Ein Stück gelebte Utopie
24. November 2010Eine Runde von zwei dutzend Menschen in einem Zeltlager, irgendwo im norddeutschen Flachland. In der Mitte zwei Männer, einer sitzt, der andere steht: "Sie sitzen also da, und zwei Polizeibeamte fordern Sie auf: Bitte kommen Sie jetzt mit! Was antworten Sie dann?" "Nein, ich bleibe sitzen." Korrekt. Dann wird der Sitzende von zwei Mitarbeitern der Initiative X-tausendmalquer weggetragen, im so genannten "Blockadesitz".
Protestieren will gelernt sein
"X-tausendmal quer" ist eine Vereinigung von Atomkraftgegnern, die den gewaltfreien Widerstand gegen die Atommüll-Transporte vorbereitet und organisiert – unter anderem, in dem sie in so genannten "Aktionscamps" Teilnehmer auf Sitzblockaden vorbereitet. Dort lernt man nicht nur, wie man sich richtig wegtragen lässt, sondern auch wie man sich richtig hinsetzt, nämlich nicht zu eng. 45 Stunden dauerte die Sitzblockade Anfang November auf der Zufahrtstraße zum Atommüll-Zwischenlager Gorleben, da möchte man auch mal seine Sitzposition ändern oder sich hinlegen können.
Sitzblockade im feinen Zwirn
Rund 4000 Menschen sind dem Aufruf von "X-tausendmal quer", gegen den Atommüll-Transport zu demonstrieren, gefolgt. Das waren nicht nur mehr als in den letzten Jahren, sondern es kamen auch andere Menschen, sagt Luise Neumann-Cosel, die sich bei "X-tausendmal quer" engagiert. "Manche haben sich demonstrativ im Anzug auf die Straße gesetzt. Dann waren sehr viele junge Leute dabei, die noch nie so eine Aktion mitgemacht haben, und sogar Leute aus dem konservativen Milieu, die gesagt haben: Also, ich wähle zwar CDU, aber das mit der Atompolitik geht mir jetzt doch zu weit."
Der Widerstand kommt inzwischen also auch aus der bürgerlichen Mitte. Luise Neumann-Cosel glaubt, dass dem eine tiefe Enttäuschung über das Demokratieverständnis vieler Politiker zugrunde liegt. Es habe etwas sehr "Entmündigendes und Abwertendes, dass die Regierung ihre Politik im Hinterzimmer mit den Stromkonzernen ausdealt". Offenbar reiche es vielen Menschen nicht mehr, nur wählen zu gehen, vor allem wenn sie feststellten, dass sie mit der Politik der von ihnen gewählten Volksvertreter nicht einverstanden sind.

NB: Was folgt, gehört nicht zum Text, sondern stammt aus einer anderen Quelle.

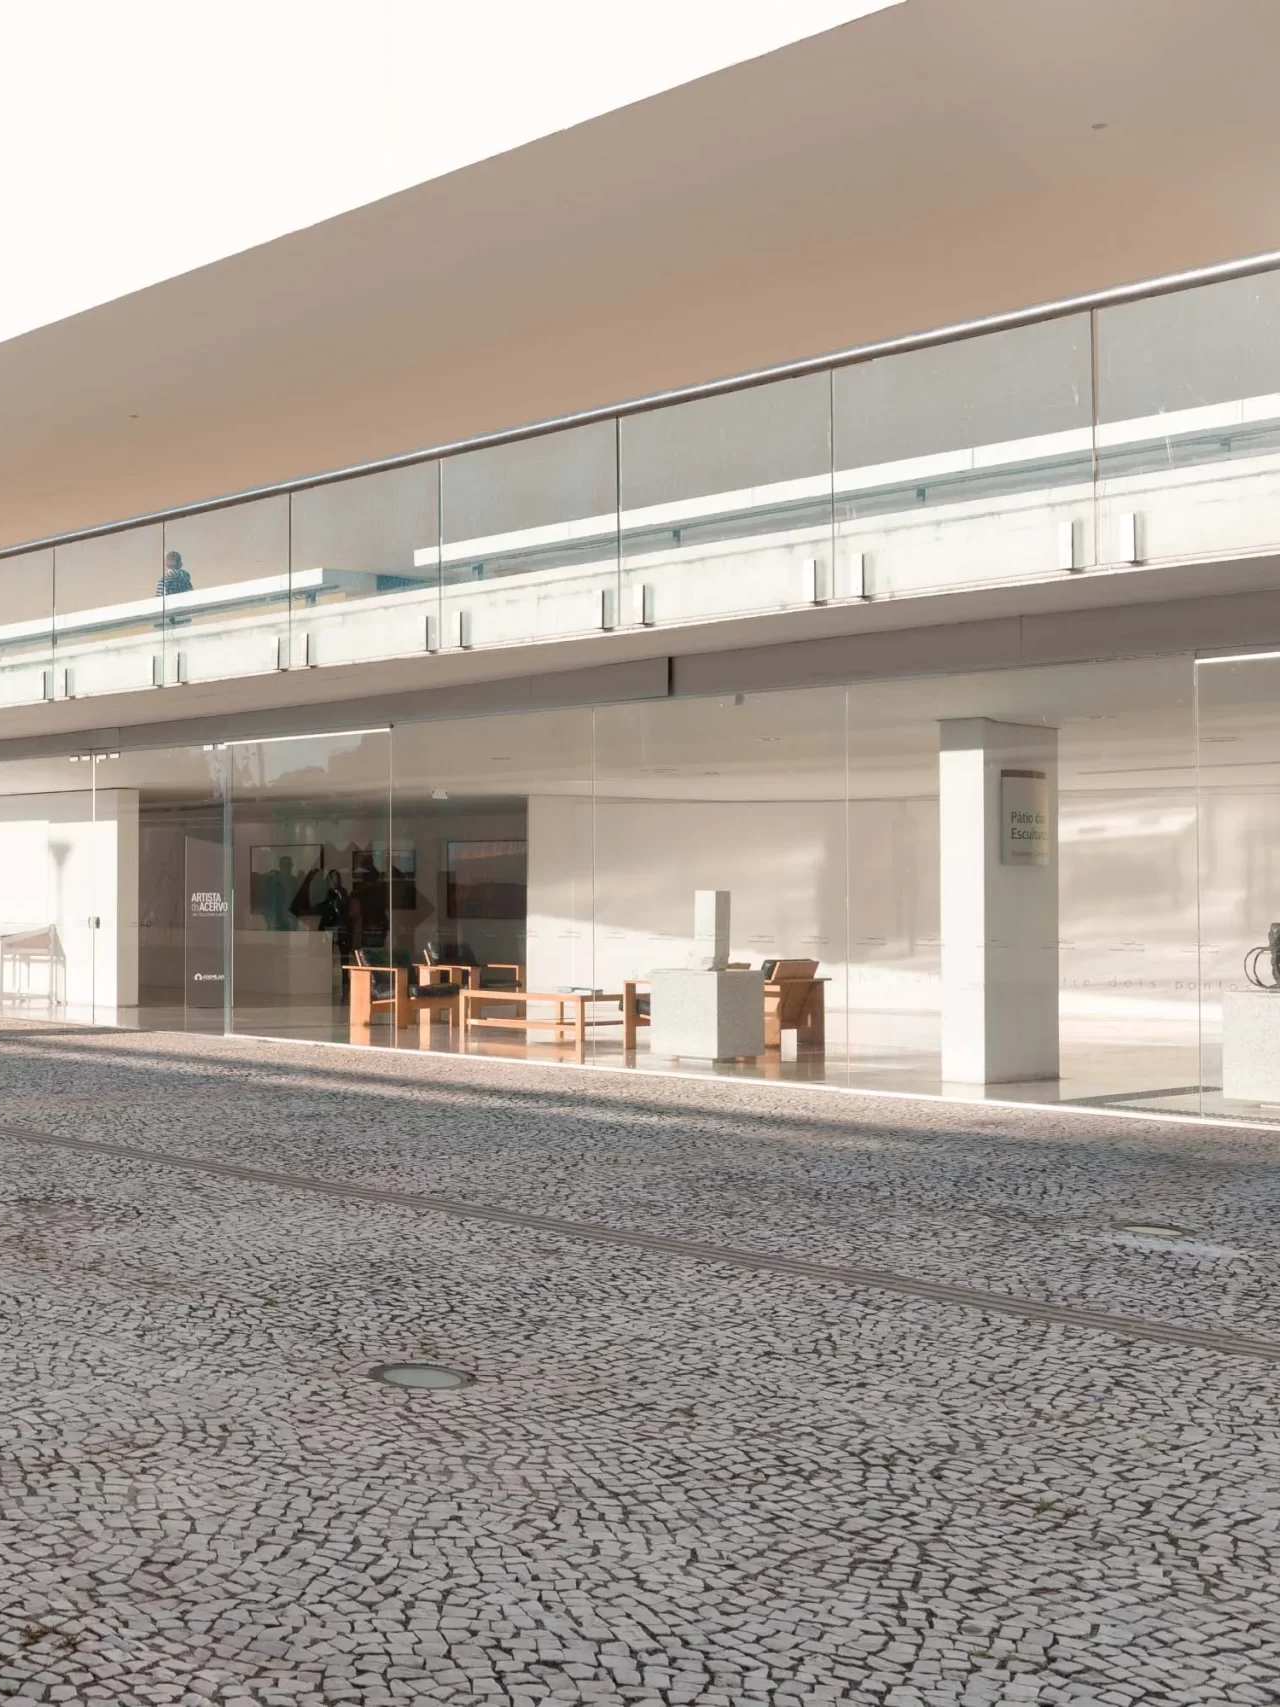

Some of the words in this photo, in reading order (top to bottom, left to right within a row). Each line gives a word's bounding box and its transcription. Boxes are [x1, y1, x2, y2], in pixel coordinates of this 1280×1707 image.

Der Ausstieg aus der Atomenergie beispielsweise war in Deutschland bereits beschlossene Sache. Dass dies von der aktuellen Regierung wieder zurückgenommen wurde, hat viele Menschen auf die Straße getrieben.
Protest als Gemeinschaftserlebnis
Dabei macht es einen entscheidenden Unterschied, ob man zu einer Demonstration geht, oder mit seinem eigenen Körper an einer Blockade teilnimmt. Es ist ein bewusster Schritt, mit der Polizei auf Konfrontation zu gehen und den Gehorsam zu verweigern, und damit ein stärkeres Zeichen des Protests zu setzen. "Gewaltfreiheit" bedeutet bei den Aktionen von "x-tausendmal quer" aber auch, dass die Teilnehmer sich selbst keine Gewalt antun. Die Veranstalter betonen, dass niemand gezwungen wird, den Widerstand durchzuziehen. Wer bei einer Aktion Angst bekommt, muss sich nicht schämen, wenn er seinen Posten in der Blockade verlässt.
Viele Demonstranten schätzen die Proteste in Gorleben, weil sie in ihnen das Gefühl stärken, nicht alleine mit ihrer Wut und Empörung dazustehen. Es ist ein besonderes Erlebnis, sich in einer Gruppe großenteils fremder Menschen als dazugehörig zu erleben und dann auch noch friedlich, im Dienste einer guten Sache, der Polizei gegenüber zu treten. "Ich habe von vielen Leuten gehört, die unglaublich beeindruckt davon waren", berichtet auch Luise Neumann-Cosel. "So eine Blockade ist auch immer ein Stück gelebte Utopie."